Encyclopedia Astronautica
STS-44



zsts044.jpg
STS-44
Credit: NASA
Crew: Gregory, Hennen, Henricks, Musgrave, Runco, Voss. Manned six crew. Deployed Defense Support Program satellite.

Manned six crew. Deployed Defense Support Program satellite. Payloads: Defense Support Program satellite/ Inertial Upper Stage, Interim Operational Contamination Monitor, Terra Scout, Military Man in Space, Shuttle Activation Monitor, Cosmic Radiation Effects and Activation Monitor, Radiation Monitoring Equipment Ill, Air Force Maui Optical Site Calibration Test, Ultraviolet Plume Instrument, Visual Function Tester 1.

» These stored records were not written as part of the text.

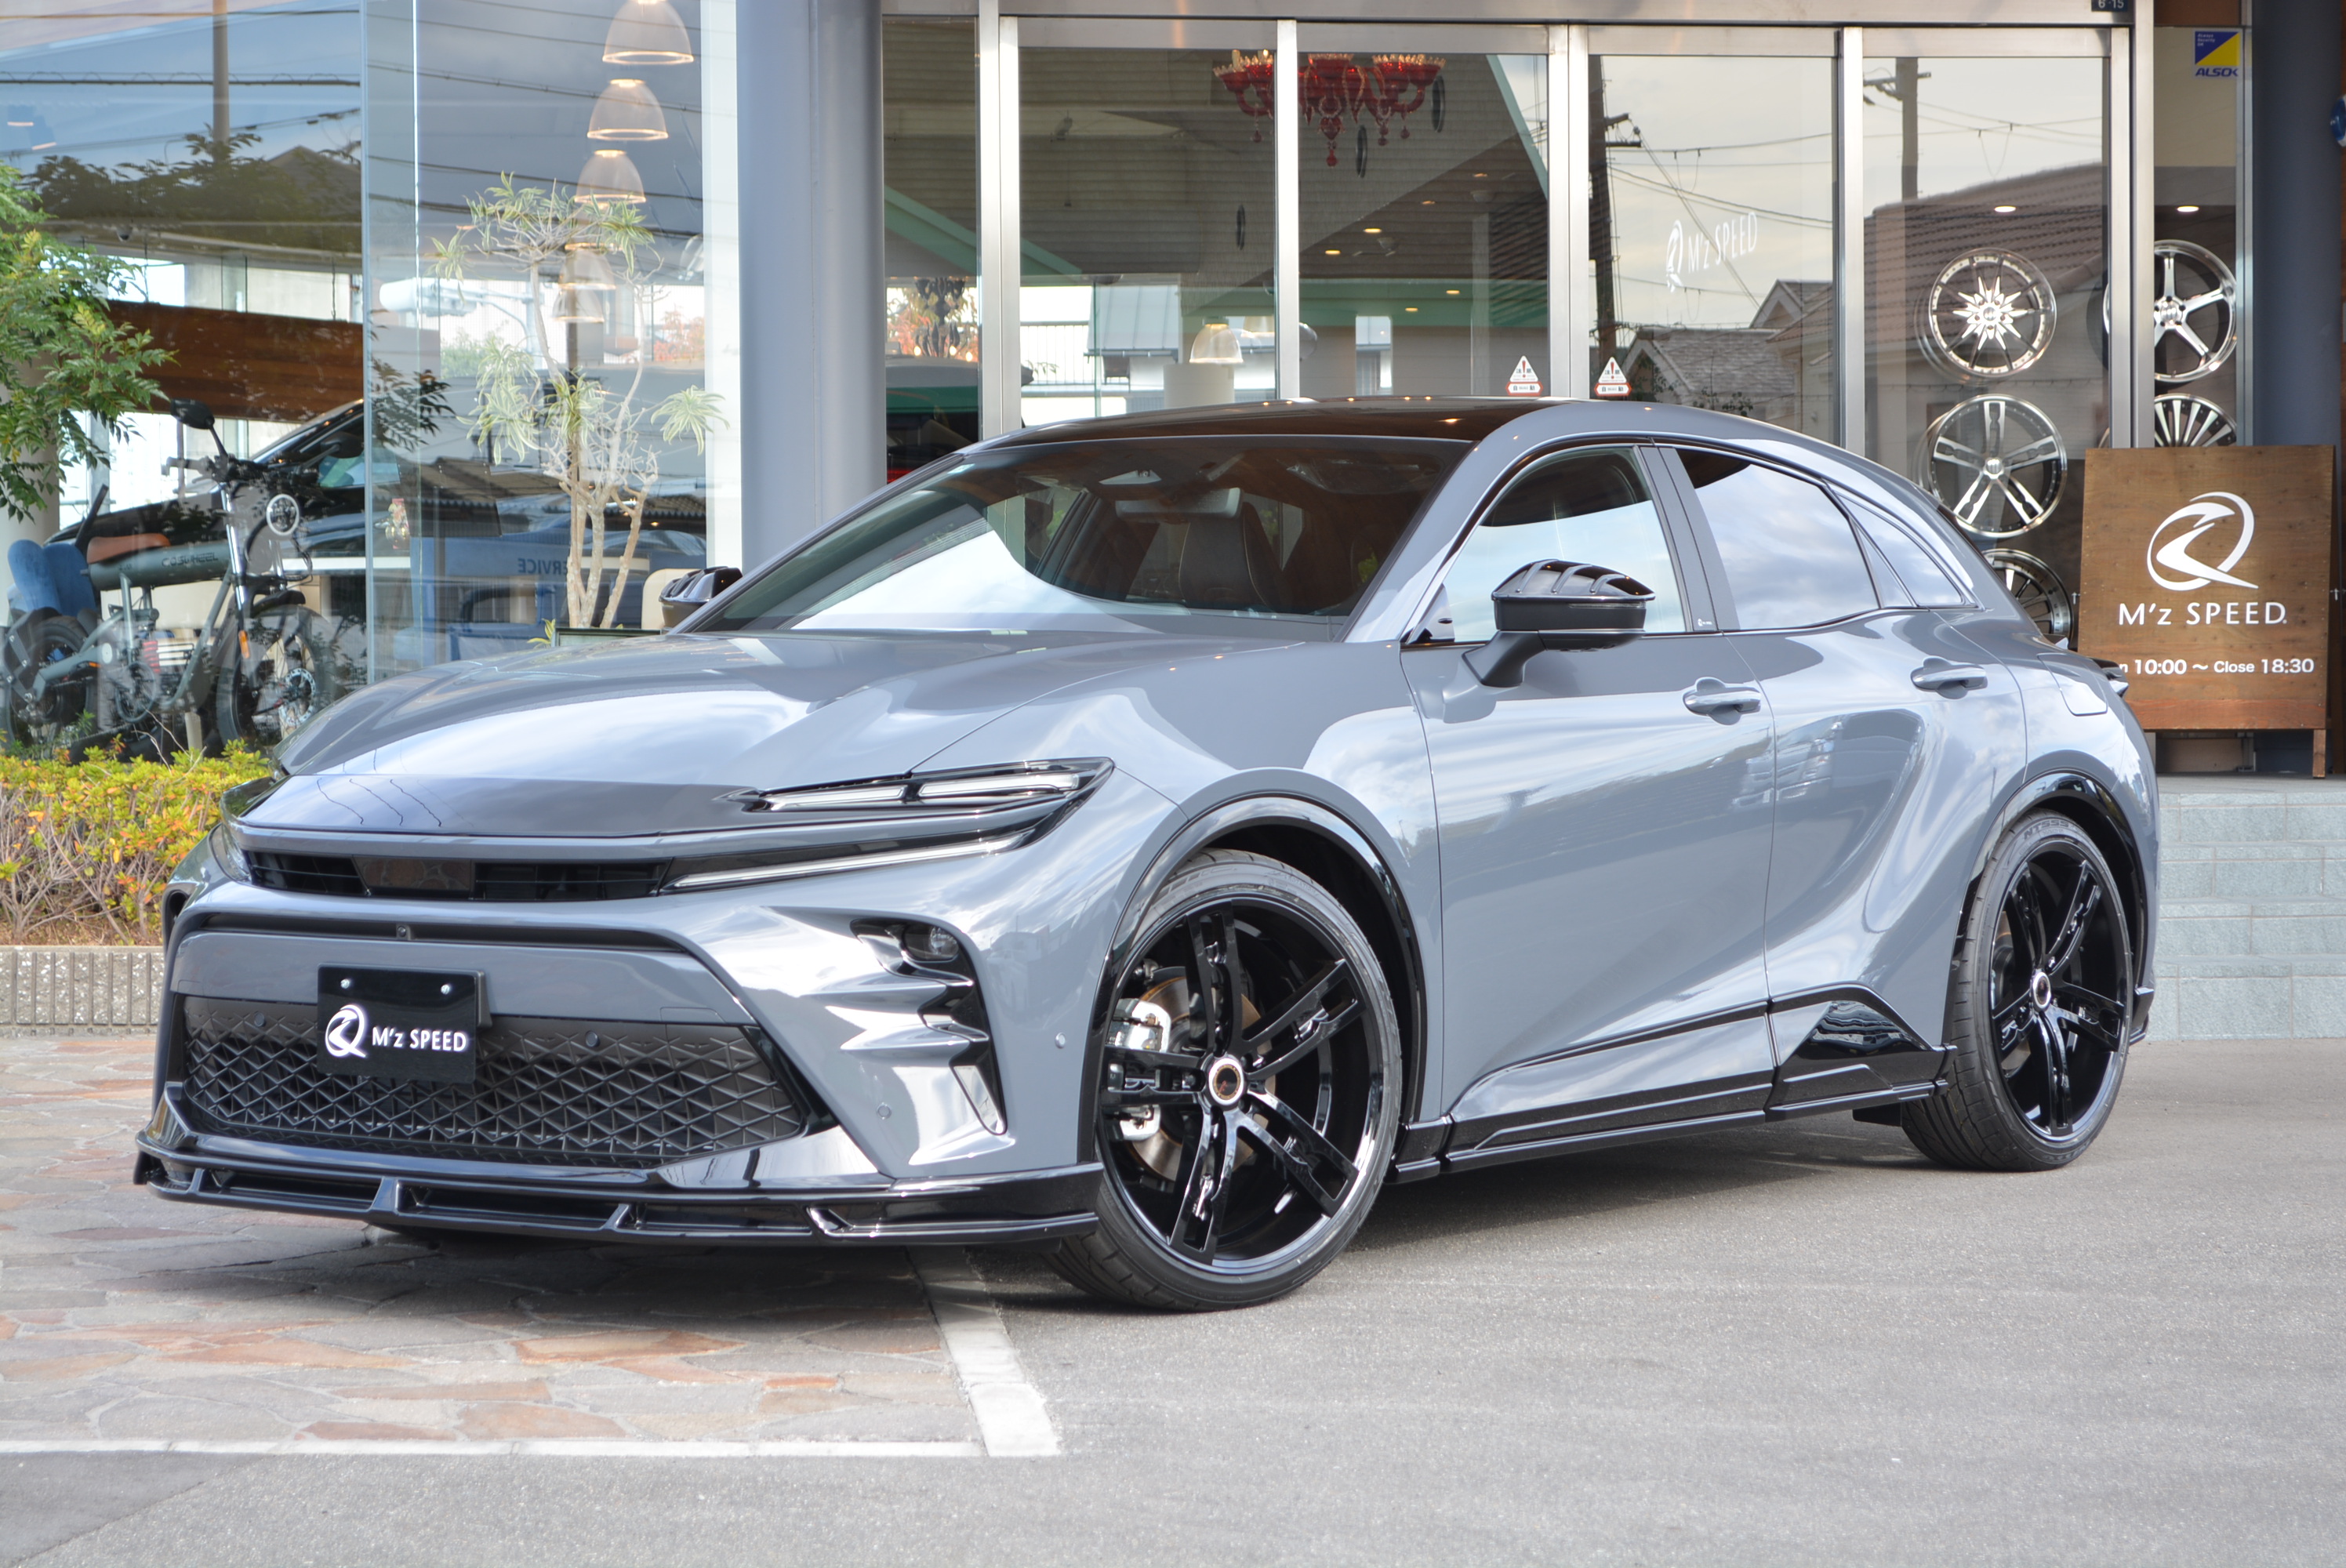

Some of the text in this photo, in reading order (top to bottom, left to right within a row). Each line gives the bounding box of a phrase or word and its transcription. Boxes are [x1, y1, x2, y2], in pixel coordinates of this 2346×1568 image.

[2195, 67, 2238, 77] ALSOK
[1688, 212, 1757, 273] M'z SPEED
[2119, 601, 2286, 626] M'z SPEED
[2134, 659, 2187, 674] 10:00
[2213, 660, 2255, 673] Close
[2261, 658, 2314, 674] 18:30
[372, 1026, 467, 1051] M'z SPEED
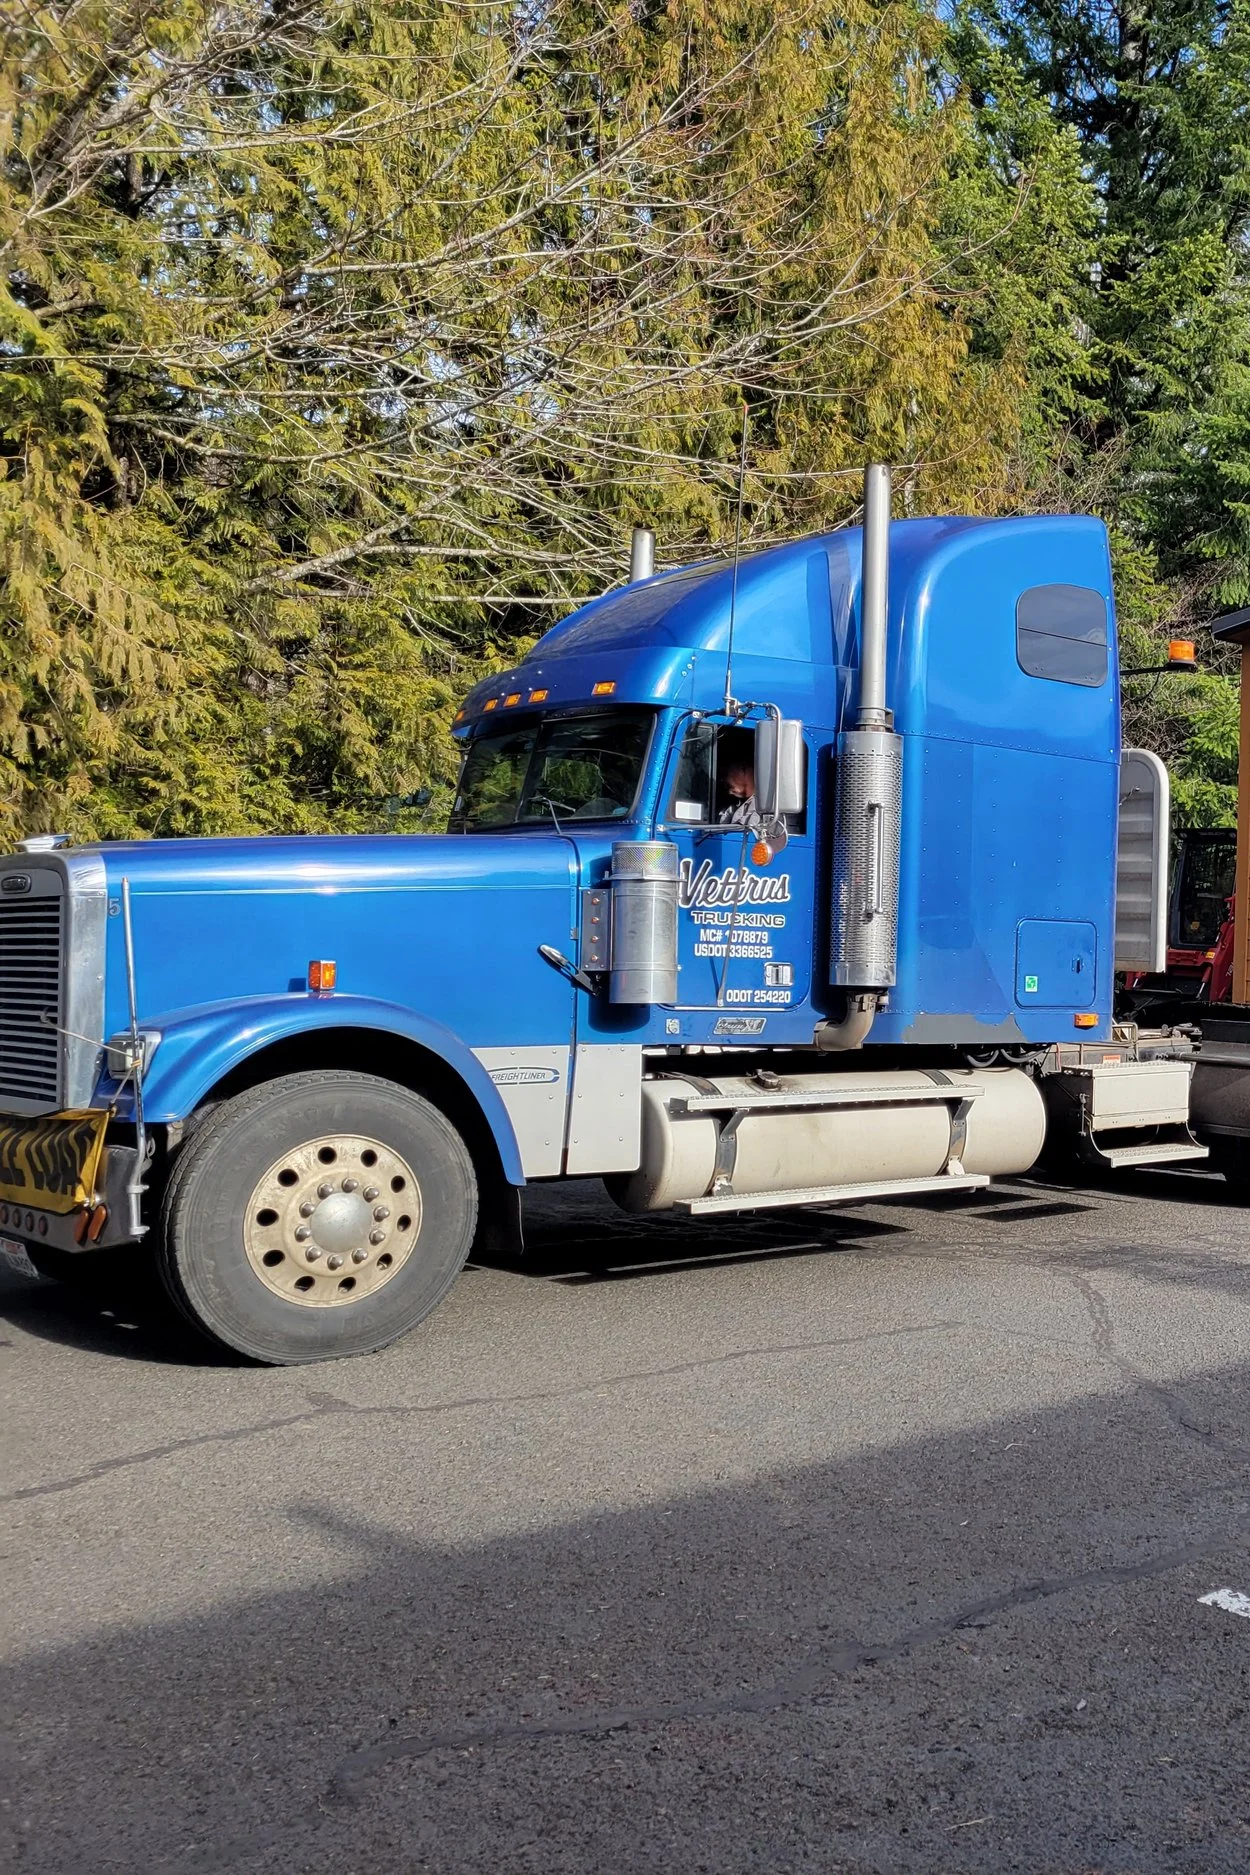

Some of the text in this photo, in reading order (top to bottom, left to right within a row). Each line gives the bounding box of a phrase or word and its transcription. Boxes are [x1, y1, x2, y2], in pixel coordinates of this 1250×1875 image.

[679, 858, 790, 908] Vettrus
[691, 910, 785, 928] TRUCKING
[700, 929, 723, 942] MC#
[694, 944, 772, 958] USDOT 3366525
[726, 990, 791, 1003] ODOT 254220
[491, 1072, 546, 1081] FREIGHTLINER
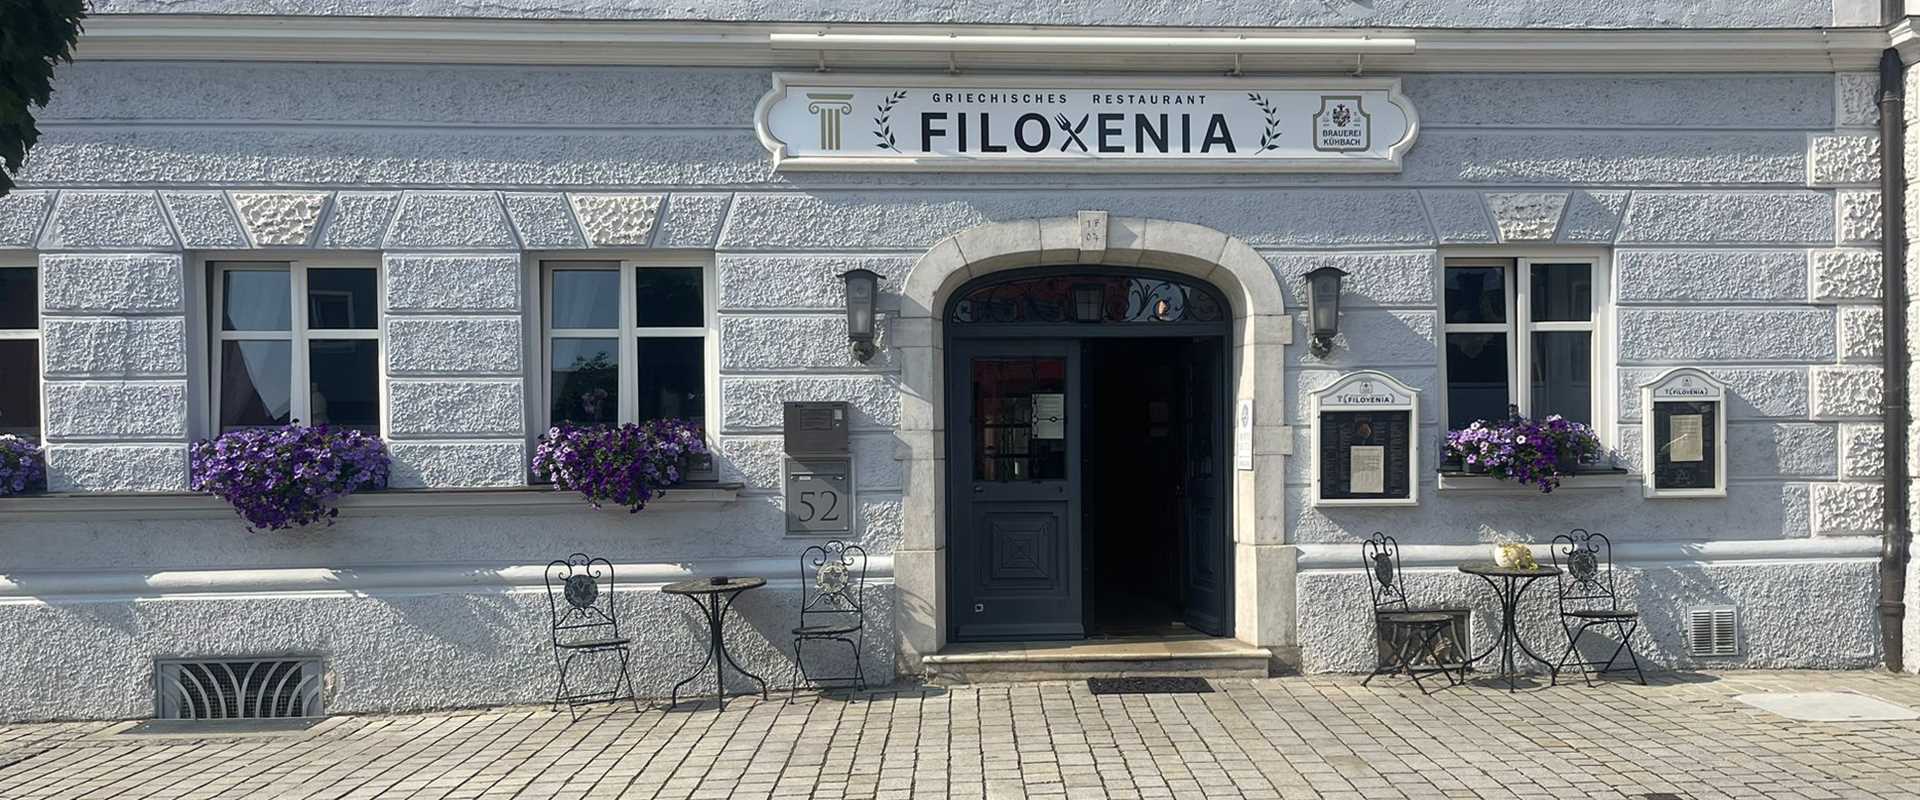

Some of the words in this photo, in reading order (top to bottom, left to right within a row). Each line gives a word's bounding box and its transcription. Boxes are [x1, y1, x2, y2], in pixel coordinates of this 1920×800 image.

Orbits of Earth: 109. Distance traveled: 4,651,111 km. Orbiter Liftoff Mass: 117,765 kg. Orbiter Mass at Landing: 87,915 kg. Payload to Orbit: 20,242 kg. Payload Returned: 3,179 kg. Landed at: Runway 05 dry lake bed at Edwards Air Force Base, . Landing Speed: 339 kph. Touchdown miss distance: 794 m. Landing Rollout: 3,411 m.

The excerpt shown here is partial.